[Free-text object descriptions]
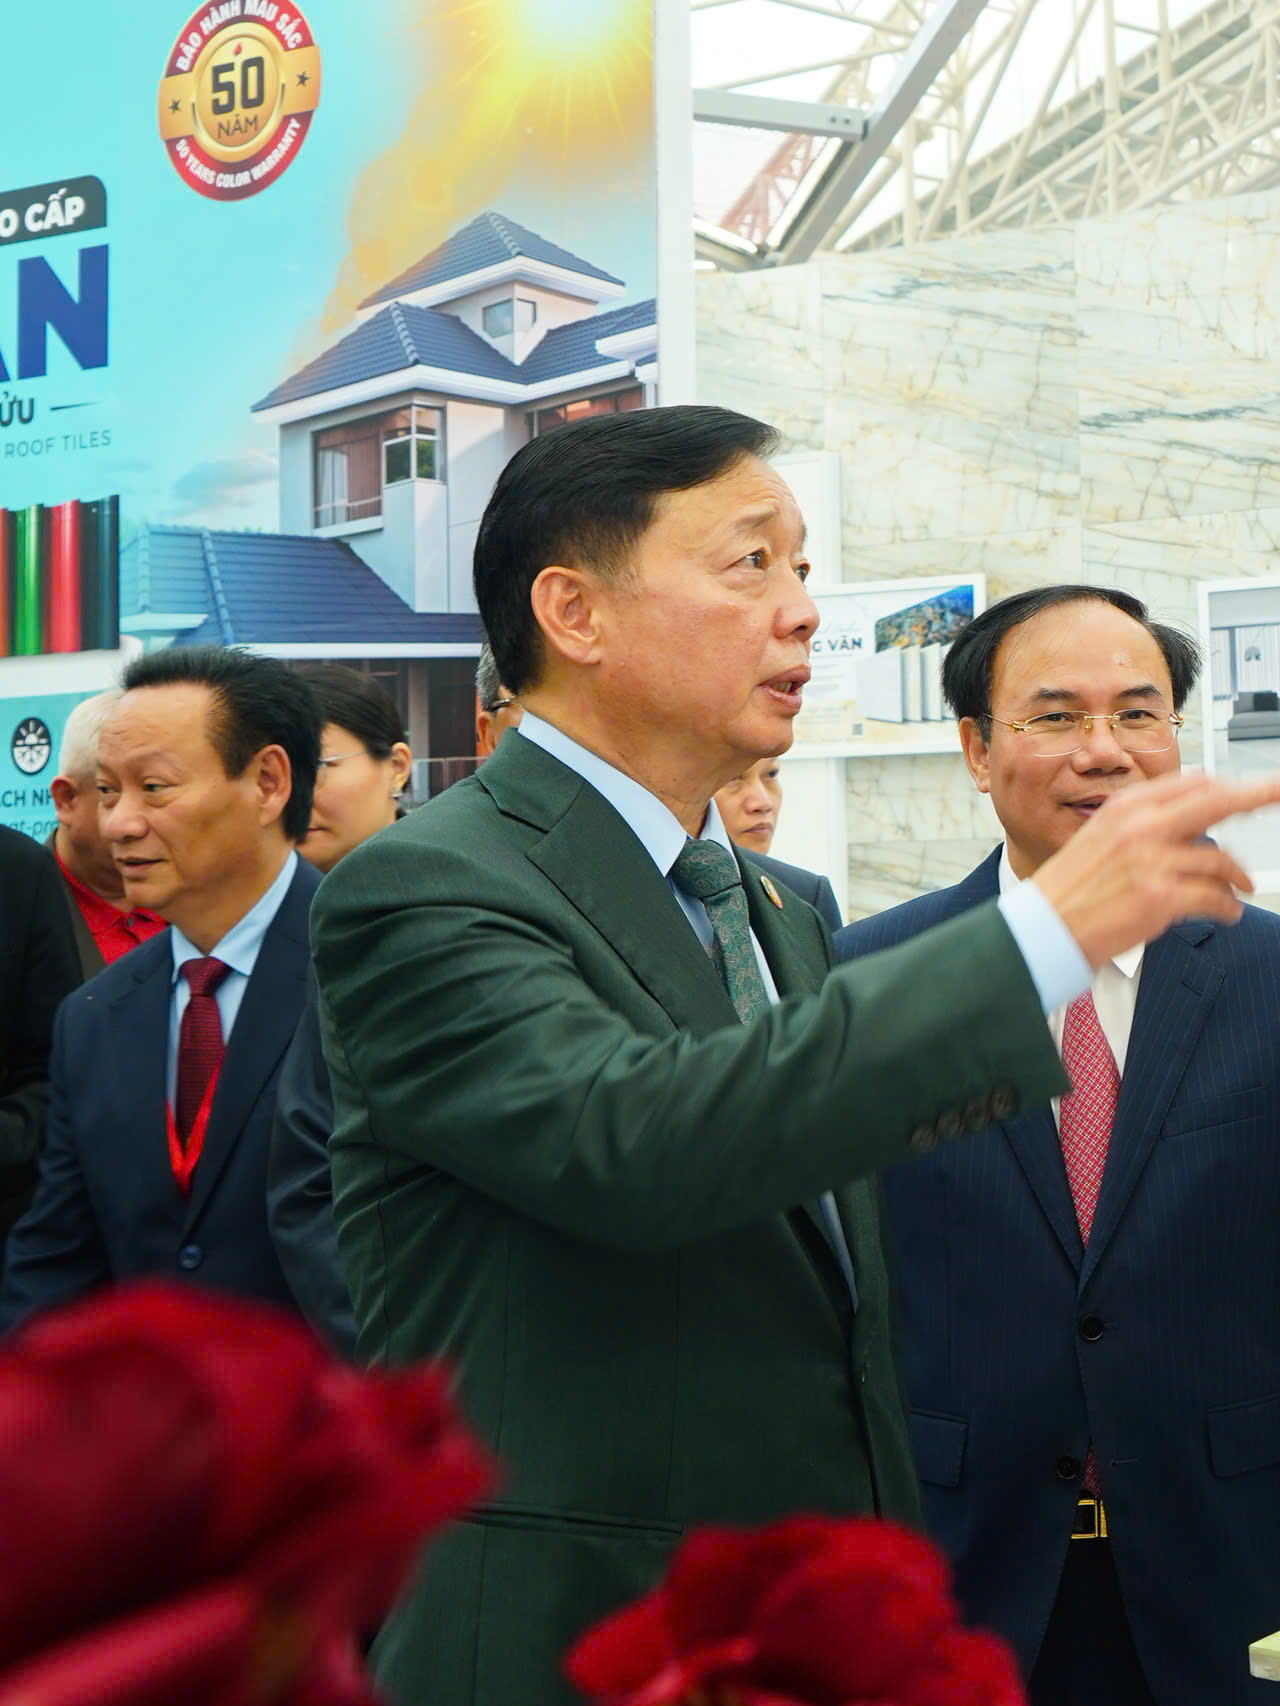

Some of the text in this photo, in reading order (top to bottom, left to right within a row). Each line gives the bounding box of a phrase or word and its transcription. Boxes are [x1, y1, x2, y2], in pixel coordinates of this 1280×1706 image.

[211, 56, 265, 115] 50
[217, 114, 259, 138] NĂM
[185, 154, 217, 184] YEARS
[216, 170, 251, 188] COLOR
[250, 118, 301, 181] WARRANTY
[0, 187, 86, 237] O CẤP
[0, 391, 35, 427] ỬU
[4, 429, 112, 459] ROOF TILES

● **What is being asked**: Exactly as they appear above, write out all the entries, but not the images.

● **Your solution**:
Some of the text in this photo, in reading order (top to bottom, left to right within a row). Each line gives the bounding box of a phrase or word and its transcription. Boxes are [x1, y1, x2, y2], in pixel coordinates of this 1280×1706 image.

[211, 56, 265, 115] 50
[217, 114, 259, 138] NĂM
[185, 154, 217, 184] YEARS
[216, 170, 251, 188] COLOR
[250, 118, 301, 181] WARRANTY
[0, 187, 86, 237] O CẤP
[0, 391, 35, 427] ỬU
[4, 429, 112, 459] ROOF TILES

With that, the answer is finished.